Both Eldee Young and Isaac Holt studied at Chicago’s American Conservatory of Music.
Eldee began his professional career as a guitarist, later switching to upright bass yet gaining his widest renown for
introducing bowed cello to the sound of soul music. Relatively small in height yet with Olympian skills and a blindingly
bright personality (and smile), Mr. Young was sometimes referred to as "the diminutive string man."
Isaac first flexed his percussive talents into early gigs with jazz sax giants such as Lester Young and James Moody.
Known to make music out of everything INCLUDING the kitchen sink, Mr. Holt never settled for a drummer’s "place" in the
shadows. He was strictly foreground, making any music that he played a part in leap to life.
The friends met in the early '50s in Chicago and first worked together in a seven-piece band called The Westside Cleffs,
a group that briefly included a young pianist named Ramsey Lewis. But the members were split up with the advent of the
Korean War. Later, Ramsey got back together with Eldee and Red, forming a trio first known as the Gentlemen of Swing and
eventually settling on The Ramsey Lewis Trio. In 1956, they began recording for Chicago's legendary Chess Records' jazz
subsidiary, Argo, later switching over to its Cadet imprint. Over the next 10 years, the team recorded almost twice as
many albums with varying themes, from their cherished Sounds of Christmas LPs to the revealingly titled Bach to the
The Ramsey Lewis Trio hit its commercial peak in 1965 with the release of the album The In Crowd, the title track of
which was a cover of the Dobie Gray party hit. The trio's instrumental rendition debuted on August 21st, soared to the
#2 position on Billboard's R&B chart where it sat for three weeks straight, and went to #5 on the Pop chart. The album,
recorded live at the Bohemian Caverns in Washington, D.C., stayed on the charts for 47 weeks, peaking at #2. Both single
and album were certified Gold-sellers and The Ramsey Lewis Trio won a Grammy for the single the next year in the
category Best Instrumental Jazz Performance-Small Group.

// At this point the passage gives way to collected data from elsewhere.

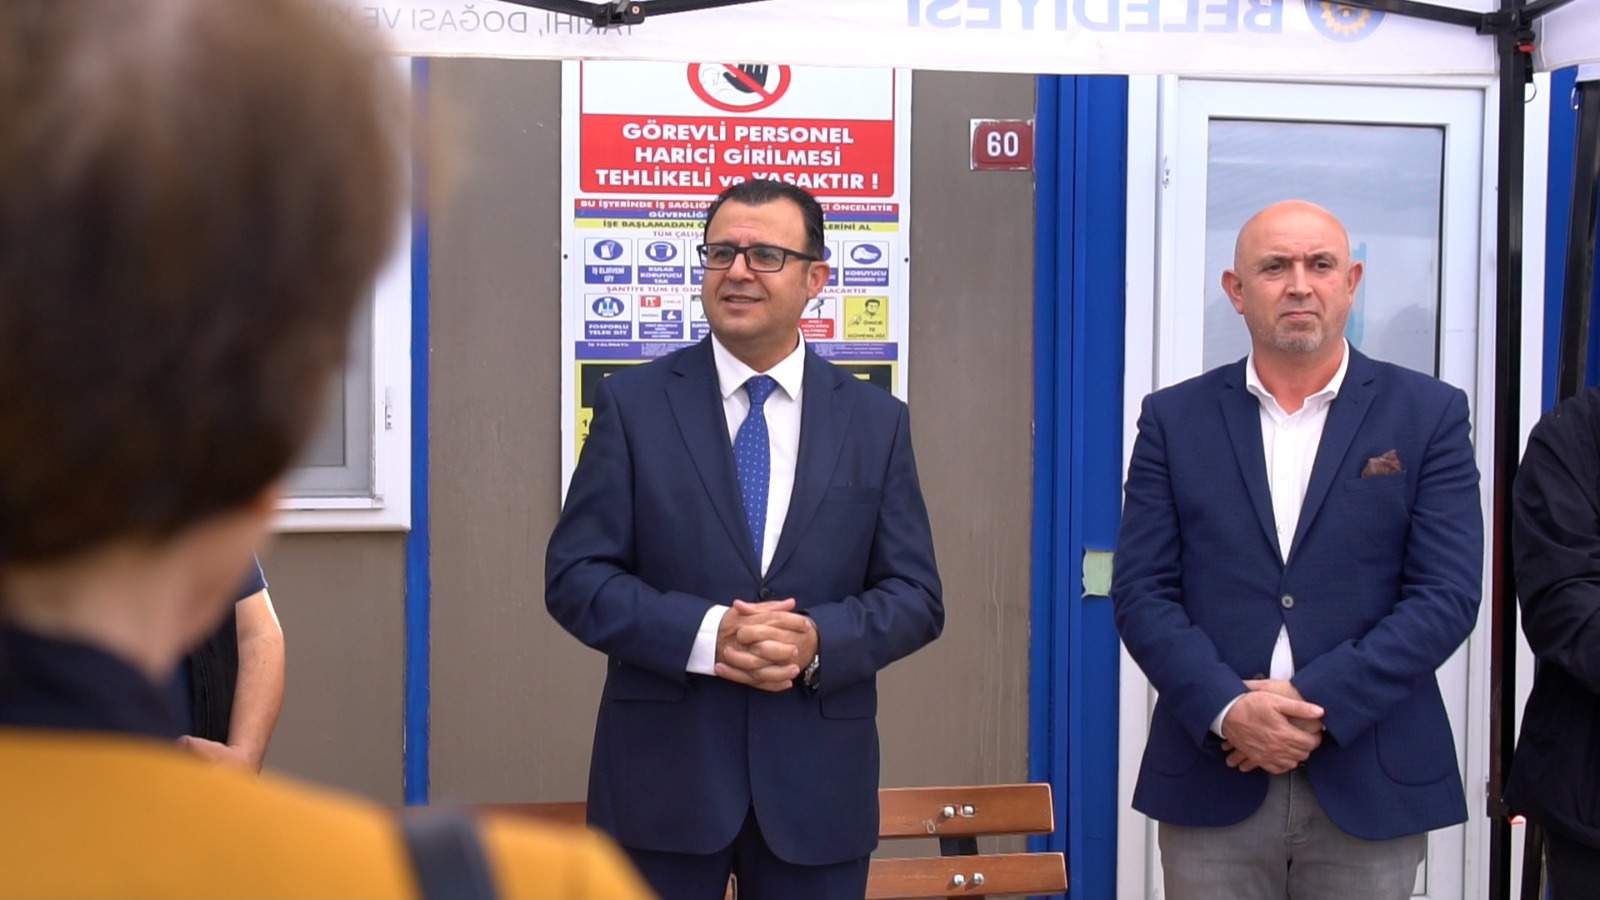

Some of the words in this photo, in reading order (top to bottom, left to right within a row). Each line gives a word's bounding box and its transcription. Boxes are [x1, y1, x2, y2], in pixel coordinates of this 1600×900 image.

[622, 119, 727, 141] GÖREVLİ
[734, 125, 854, 144] PERSONEL
[635, 143, 716, 164] HARİCİ
[723, 144, 841, 166] GİRİLMESİ
[986, 131, 1019, 157] 60
[595, 166, 711, 187] TEHLİKELİ
[718, 175, 746, 187] ve
[871, 173, 879, 190] !
[580, 200, 596, 209] BU
[599, 201, 653, 210] İŞYERİNDE
[656, 201, 666, 210] İŞ
[832, 203, 893, 212] ÖNCELİKTİR
[603, 219, 618, 229] İŞE
[621, 220, 694, 229] BAŞLAMADAN
[858, 223, 872, 231] AL
[653, 230, 673, 238] TÜM

Following this triumph, Ramsey decided he wanted the terms of the trio's partnership to change, acknowledging him as the
leader with Red and Eldee as working under him. The duo frowned on this, resulting in a parting of the ways. Red and
Eldee marched across town to Nat Tarnopol’s Brunswick Records with a demo of their own Young Holt Trio, which originally
included Evanston, Illinois-native Hysear Don Walker on piano. Walker had studied music at Northeastern University and
accompanied jazz vocalists Bill Henderson, Joe Williams and Mose Allison.
Though their first album contained covers of middle of the road material such as Bobby Hebb’s "Sunny" and Sinatra’s
"Strangers In The Night," The Young Holt Trio knocked one out of the park their first time at bat with a simple audience
participation number called "Wack Wack," a ditty that - like magic - turned ladies' mini-skirts into salt shakers. With
"Wack Wack," the group grooved its way from jazz spots to hipper dance clubs like Los Angeles' Whiskey A Go Go. The trio
hit upon a fun formula that they further exploited in their Return to Wack Wack Pond, "Funky Duck," and the single-only
release "Give It Up" (a 12-bar blues cocktail of Mongo Santamaria's Latin Jazz vibe stone cold filtered through The
Beatles' "Day Tripper" and The Capitols' "Cool Jerk").

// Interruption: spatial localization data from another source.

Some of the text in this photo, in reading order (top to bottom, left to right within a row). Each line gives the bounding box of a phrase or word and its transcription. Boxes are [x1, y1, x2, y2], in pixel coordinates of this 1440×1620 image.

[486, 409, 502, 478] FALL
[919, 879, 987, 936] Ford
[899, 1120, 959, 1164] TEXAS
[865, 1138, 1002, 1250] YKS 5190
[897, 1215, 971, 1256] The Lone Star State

Their next album returned them to the Bohemian Caverns for On Stage, a glance back at their golden past with Ramsey
Lewis. But looking ahead, it was on this album that Isaac and Eldee changed their name to Young-Holt Unlimited, hinting
at the expansive sound of things to come.
Their third album The Beat Goes On also ran the gamut of covers, only this time the group escorted the originals into
some far more original territory. For "Listen Here," a million-seller for innovative Chicago sax legend Eddie Harris,
YHU flip the script into a sunglasses-at-night, outer space groove, phase-shifting the emphasis to Red on drums and
tambourine. And with the organ handling the hypnotic melody and groovin’ bass line, Eldee gets a chance to pick a bit of
guitar. For The Beach Boys’ peachy keen "Good Vibrations," they chose to mystify it with a Chinese gong, a Chi-town
backbeat and Eldee’s patented tandem singing/arco bass bowing.

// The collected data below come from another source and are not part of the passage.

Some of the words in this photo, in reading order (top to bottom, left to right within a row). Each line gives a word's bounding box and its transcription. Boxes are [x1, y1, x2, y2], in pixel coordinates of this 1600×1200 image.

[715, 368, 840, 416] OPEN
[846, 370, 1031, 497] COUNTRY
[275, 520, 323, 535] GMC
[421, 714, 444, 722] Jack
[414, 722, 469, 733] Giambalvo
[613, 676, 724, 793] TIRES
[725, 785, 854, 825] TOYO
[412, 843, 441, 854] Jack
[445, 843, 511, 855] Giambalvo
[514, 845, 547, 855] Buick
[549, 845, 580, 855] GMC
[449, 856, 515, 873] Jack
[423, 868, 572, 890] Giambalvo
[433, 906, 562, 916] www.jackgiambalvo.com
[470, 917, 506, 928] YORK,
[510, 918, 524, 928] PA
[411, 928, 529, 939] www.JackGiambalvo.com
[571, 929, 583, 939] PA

More of Eldee in this mode is found on his original "Yum Yum," while he lets his fingers do the walkin’ on "Doin’ the
Thing." The entire group settles into a groove on "Baby Your Light Is Out," a cool-daddy-kickin’-his-woman-to-the-curb
blues in a Ray Charles Wurlitzer bag.
The hands-down coolest of all YHU originals, though, is "Dig Her Walk," the supreme girl watcher's soundtrack. Over the
bouncin’ organ vamp, the fellas carry on like Lincoln Park Looney Toons! When Red hits that floor tom tom at the end of
each verse, you can picture eyes poppin’ out of their sockets. Red rips it up behind his custom Ludwig drums, loaded
down with an arsenal of cowbell, woodblock, splash cymbals and tambourine. They all came in handy as he tapped out a
percussive portrait of bouncing breasts and boogalooing bottoms sashaying by on a summer day.
Young-Holt Unlimited left its biggest impression with "Soulful Strut," the title track of their fourth album from late
'68. It was originally the instrumental track for a song by label mate Barbara Acklin titled "Am I The Same Girl,"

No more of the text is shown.